Todavia, à luz de recente ato público de apoio ao adiamento da posse do
presidente Hugo Chávez, na Venezuela, o qual levou centenas de milhares, se não
milhões às ruas, há que refletir sobre um fenômeno tipicamente brasileiro.
É mentira que o brasileiro não vai à rua. Vai, sim, só que apenas se for
em causa própria.
Recentemente, perguntei a lideranças da CUT e do Fórum Nacional pela
Democratização da Comunicação (FNDC) por que ainda não se mobilizaram pela
causa da regulação da mídia, que defendem. Afinal, ao menos a central sindical
já conseguiu pôr dezenas de milhares na rua.

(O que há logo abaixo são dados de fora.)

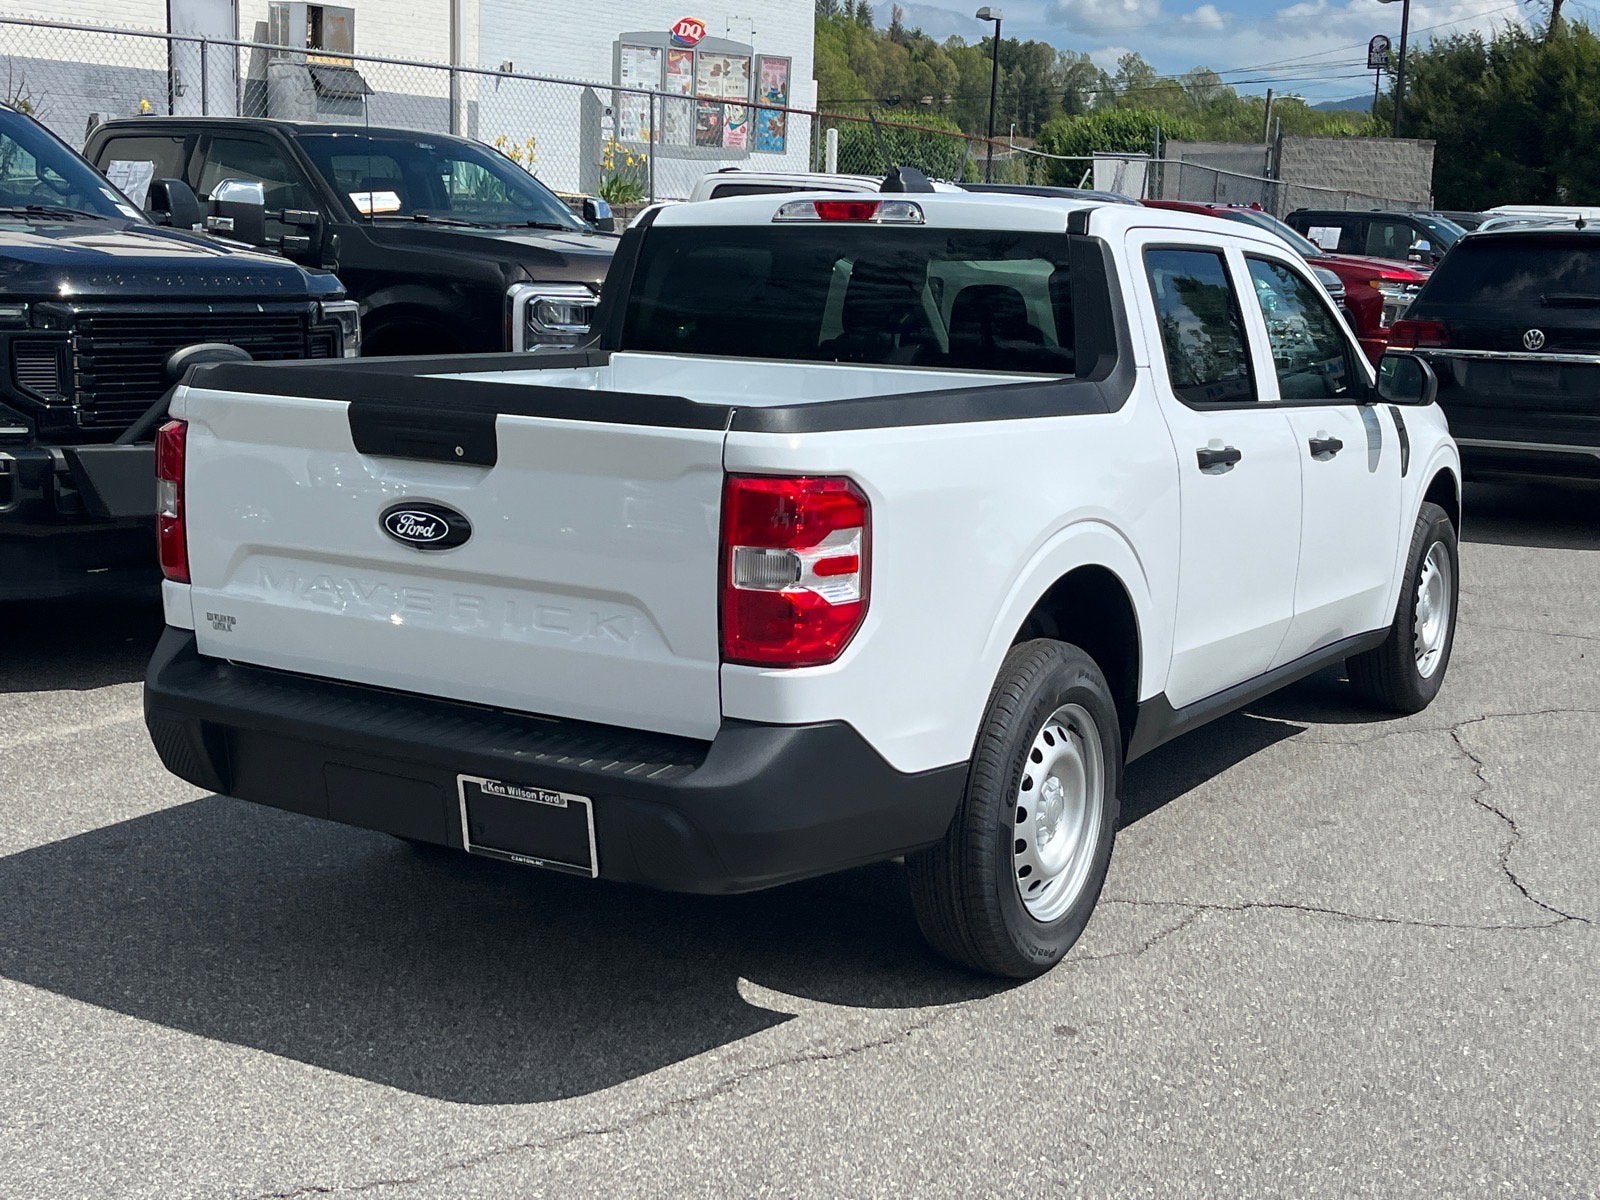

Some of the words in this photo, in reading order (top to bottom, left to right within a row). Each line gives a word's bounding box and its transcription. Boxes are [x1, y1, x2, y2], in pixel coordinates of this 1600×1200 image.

[678, 22, 702, 41] DQ
[396, 513, 437, 538] Ford
[257, 563, 631, 645] MAVERICK
[488, 782, 505, 793] Ken
[507, 786, 537, 799] Wilson
[539, 791, 560, 804] Ford
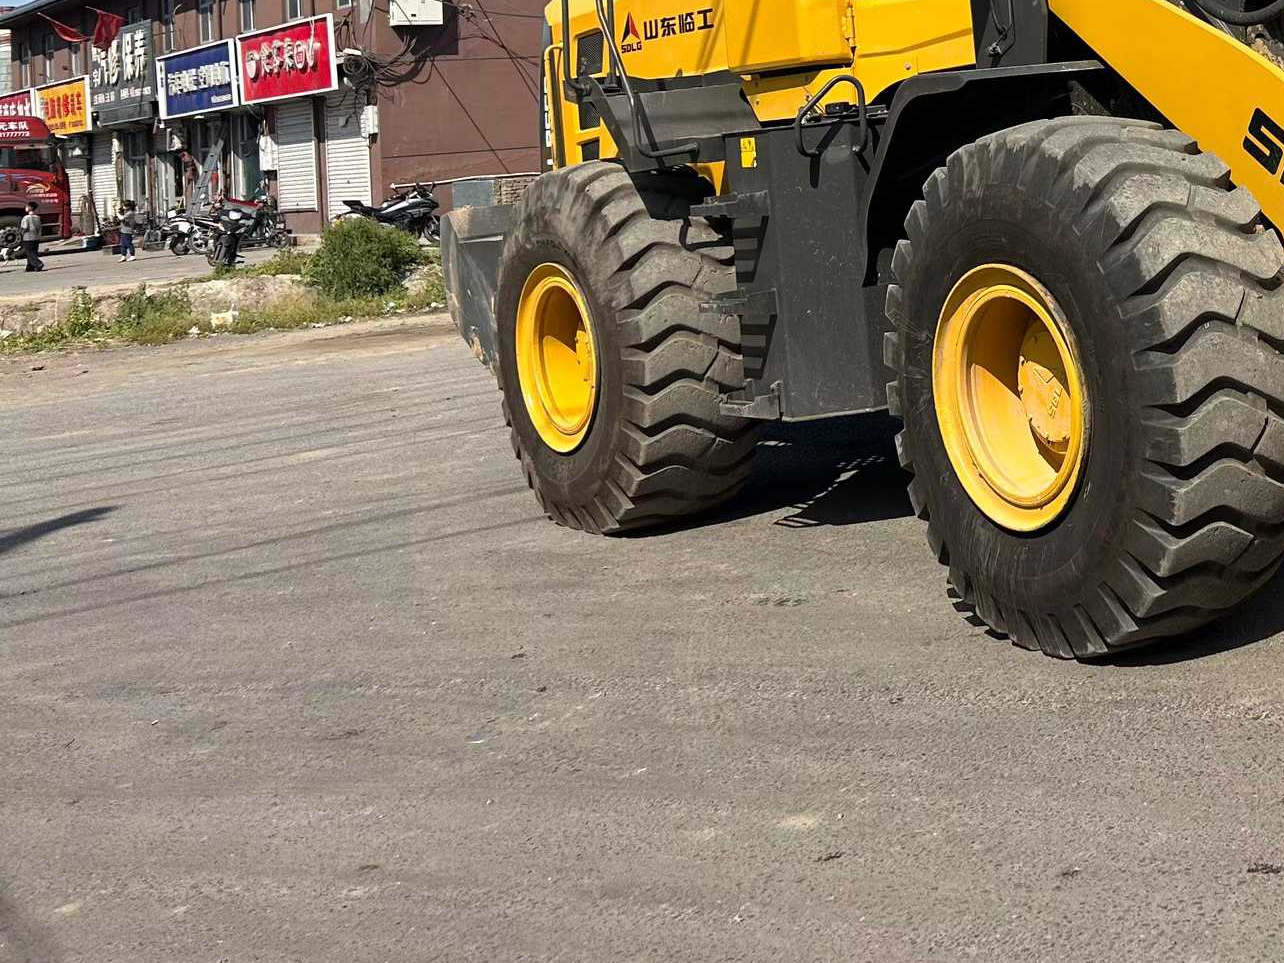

Os movimentos sociais e os sindicatos que entendem quão prejudiciais são
os oligopólios de comunicação me responderam que não existe “massa crítica”
para gerar manifestações de rua por esse tema.
O próprio Movimento dos Sem Mídia, fundado aqui neste blog, já conseguiu
pôr centenas de pessoas na rua contra o engajamento político da imprensa dita
“isenta”, como no caso da manifestação da ONG em 2009 contra editorial da Folha
de São Paulo que disse que a ditadura militar brasileira teria sido “branda”.
Contudo, manifestações de 500 pessoas ou mesmo de 20, 30 mil como as que
a CUT já logrou organizar para reivindicar salários etc. seriam vistas como
piadas em países como Venezuela, Bolívia, Equador, Argentina e outros países
politizados.
Os raros exemplos de sucesso de manifestações públicas de massas no
Brasil residem entre os homossexuais e os evangélicos, que arrastam milhões de
pessoas para tais iniciativas.
Aliás, verdade seja dita, nos países politizados desta região até a
direita consegue pôr gente na rua, haja vista recente manifestação contra o
governo na Argentina ou as marchas da oposição venezuelana menores do que as do
chavismo, sim, mas, ainda assim, gigantescas.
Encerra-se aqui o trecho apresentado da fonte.